Recent events in the northern West Bank recall the sad picture at the start of the previous decade. The March murder of the Fogel family in Itamar, by two Palestinians, once again drove up tensions between settlers and nearby villagers. Particularly in the vicinity of Yitzhar, settlers are engaged in a violent struggle to restore the "balance of deterrence" through attacks on their neighbors.
The result is an expansion of the defensive ring around each settlement; Palestinian farmers know they risk injury if they breach it, and that the security forces are unlikely to respond quickly.
The situation was similar in the first years of the second intifada, before the Israel Defense Forces established security zones around most settlements with fences, cameras and patrols. As the intifada died down calm returned and the army often arranged for Palestinians to work their lands near settlements, to the settlers' displeasure.
A visit to Yitzhar last week and conversations with IDF officers point to renewed, systematic aggression from settlers living there and on nearby outposts. As usual, there seems to be a confluence of a genuine sense of danger with increasing ideological radicalization, particularly among yeshiva students at Yitzhar. Their rabbi, Yitzhak Shapira has been in the headlines because of his book "Torat Hamelekh." But more significant to the Shin Bet security service is his apparent religious justification for acts of revenge.
Field officers describe as a daily recurrence incidents, most of which they say are initiated by settlers, of arson and of bodily and property damage to Palestinians. Favorite targets include Palestinian groves and orchards, whose trees are cut, uprooted and poisoned.
The IDF, as always, is practically helpless in the face of these acts. True, the Judea and Samaria District Police is particularly weak, and for years the courts have shown lenience lawbreakers from the extreme right, but the videos distributed by B'Tselem should surprise no one.
It takes a lot more than stone-throwing or uprooted trees for a patrol under the command of a junior officer to get mixed up in a direct clash with rioting Israelis. While these are local incidents, their impact on the ground is gradually increasing because they are taking place in an already charged atmosphere, in anticipation of a unilateral Palestinian declaration of statehood in September.

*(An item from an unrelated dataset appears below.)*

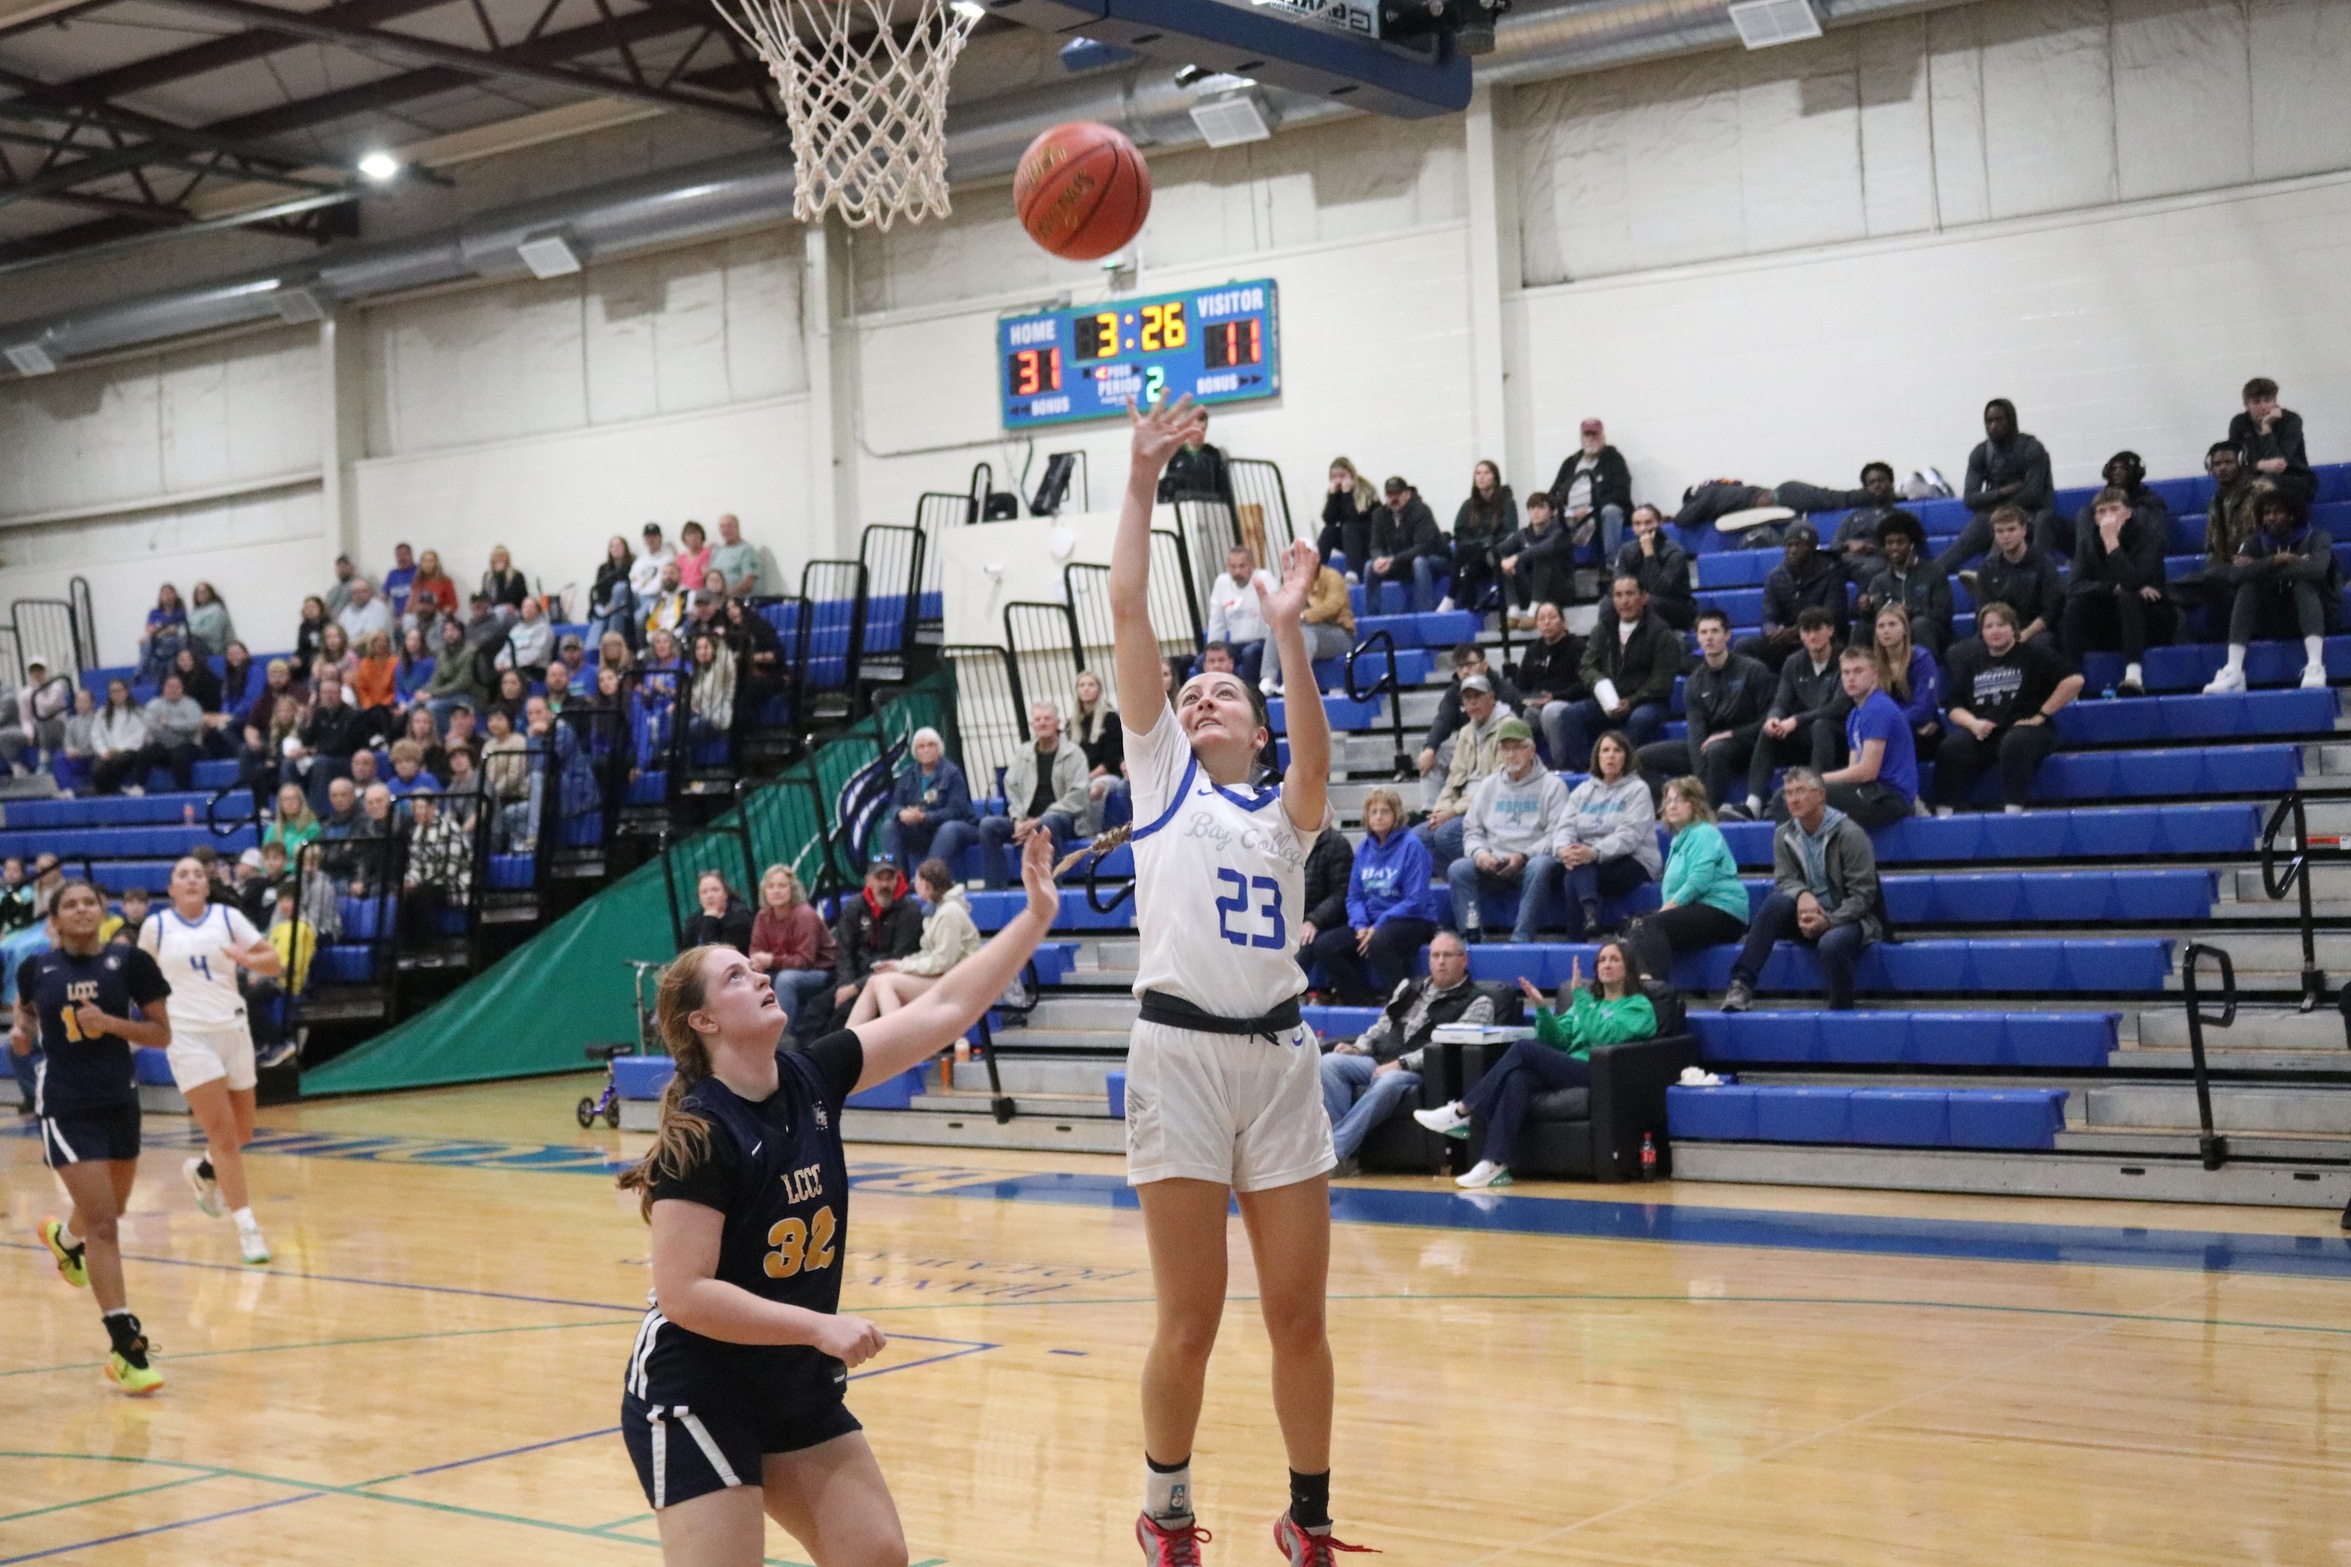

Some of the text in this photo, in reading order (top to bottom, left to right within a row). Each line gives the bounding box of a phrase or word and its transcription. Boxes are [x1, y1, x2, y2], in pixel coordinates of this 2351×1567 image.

At the moment, it seems that the heightened sensitivity of the situation is actually imposing greater restrictions on the IDF. After the murder at Itamar settlers established a new outpost with two mobile homes on Hill 590, near the settlement. The IDF has prided itself in recent years, saying that every new outpost is dismantled immediately. But that is not the case for the outpost on Hill 590, which despite being patently illegal is still standing.